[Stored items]
= = = = = = =

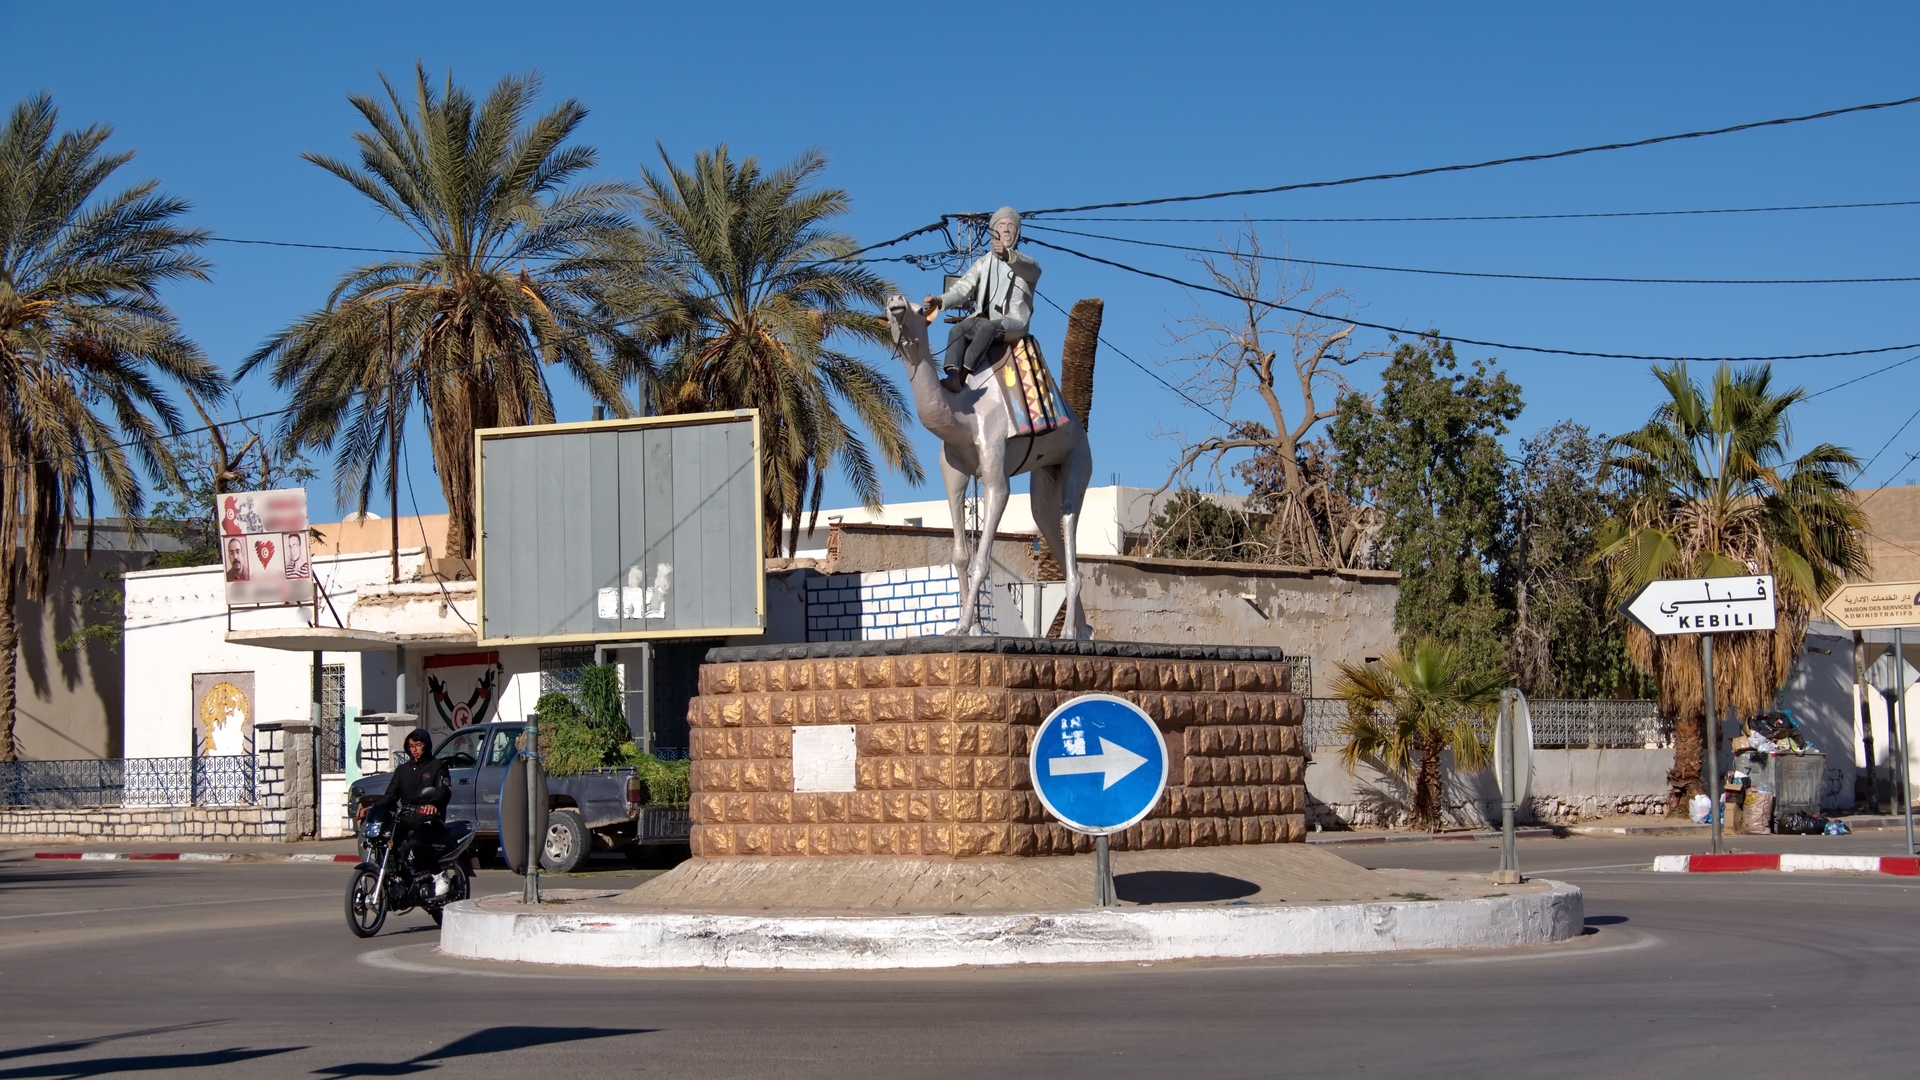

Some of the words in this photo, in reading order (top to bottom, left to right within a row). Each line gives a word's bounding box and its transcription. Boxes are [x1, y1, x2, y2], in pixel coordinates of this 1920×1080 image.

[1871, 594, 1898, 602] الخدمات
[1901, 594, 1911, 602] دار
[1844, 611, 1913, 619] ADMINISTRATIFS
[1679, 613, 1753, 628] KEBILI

= = = = = = =

Try it>
Retype each line above exactly and leave out any picture.

Solution to the exercise>
Some of the words in this photo, in reading order (top to bottom, left to right within a row). Each line gives a word's bounding box and its transcription. Boxes are [x1, y1, x2, y2], in pixel coordinates of this 1920×1080 image.

[1871, 594, 1898, 602] الخدمات
[1901, 594, 1911, 602] دار
[1844, 611, 1913, 619] ADMINISTRATIFS
[1679, 613, 1753, 628] KEBILI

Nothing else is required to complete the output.